● AIM OF THE TASK
Reproduce the data exactly and drop any pictures it holds.

[Records drawn from a dataset]
★ ★ ★ ★ ★

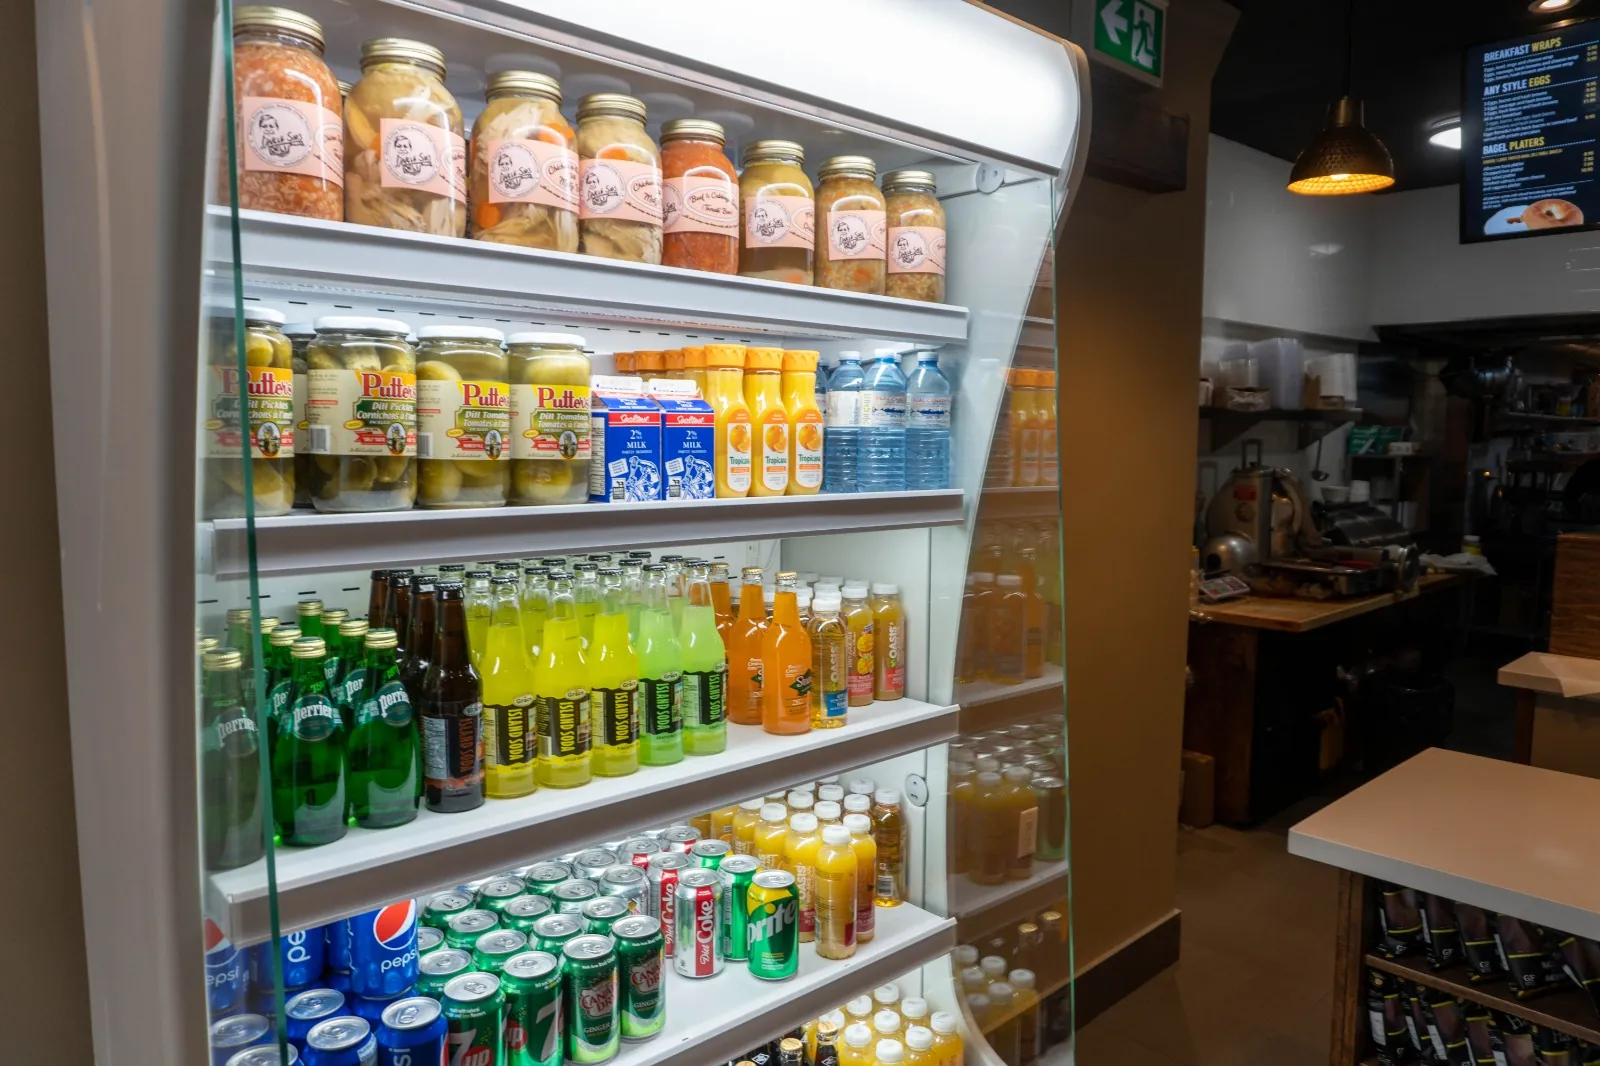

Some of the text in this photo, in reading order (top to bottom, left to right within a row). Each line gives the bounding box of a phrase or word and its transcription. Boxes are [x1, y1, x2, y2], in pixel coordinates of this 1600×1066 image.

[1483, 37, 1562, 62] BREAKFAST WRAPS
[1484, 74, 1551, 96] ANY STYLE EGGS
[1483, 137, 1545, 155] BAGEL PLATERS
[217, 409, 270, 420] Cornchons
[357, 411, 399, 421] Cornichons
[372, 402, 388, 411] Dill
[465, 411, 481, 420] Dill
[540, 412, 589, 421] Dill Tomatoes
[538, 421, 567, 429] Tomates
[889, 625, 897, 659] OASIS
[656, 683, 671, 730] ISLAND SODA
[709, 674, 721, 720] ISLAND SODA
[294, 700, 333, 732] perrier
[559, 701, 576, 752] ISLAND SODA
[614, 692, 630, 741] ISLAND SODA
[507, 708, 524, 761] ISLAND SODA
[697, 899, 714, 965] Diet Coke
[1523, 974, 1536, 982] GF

★ ★ ★ ★ ★

● RESULT OF THIS EXERCISE
Some of the text in this photo, in reading order (top to bottom, left to right within a row). Each line gives the bounding box of a phrase or word and its transcription. Boxes are [x1, y1, x2, y2], in pixel coordinates of this 1600×1066 image.

[1483, 37, 1562, 62] BREAKFAST WRAPS
[1484, 74, 1551, 96] ANY STYLE EGGS
[1483, 137, 1545, 155] BAGEL PLATERS
[217, 409, 270, 420] Cornchons
[357, 411, 399, 421] Cornichons
[372, 402, 388, 411] Dill
[465, 411, 481, 420] Dill
[540, 412, 589, 421] Dill Tomatoes
[538, 421, 567, 429] Tomates
[889, 625, 897, 659] OASIS
[656, 683, 671, 730] ISLAND SODA
[709, 674, 721, 720] ISLAND SODA
[294, 700, 333, 732] perrier
[559, 701, 576, 752] ISLAND SODA
[614, 692, 630, 741] ISLAND SODA
[507, 708, 524, 761] ISLAND SODA
[697, 899, 714, 965] Diet Coke
[1523, 974, 1536, 982] GF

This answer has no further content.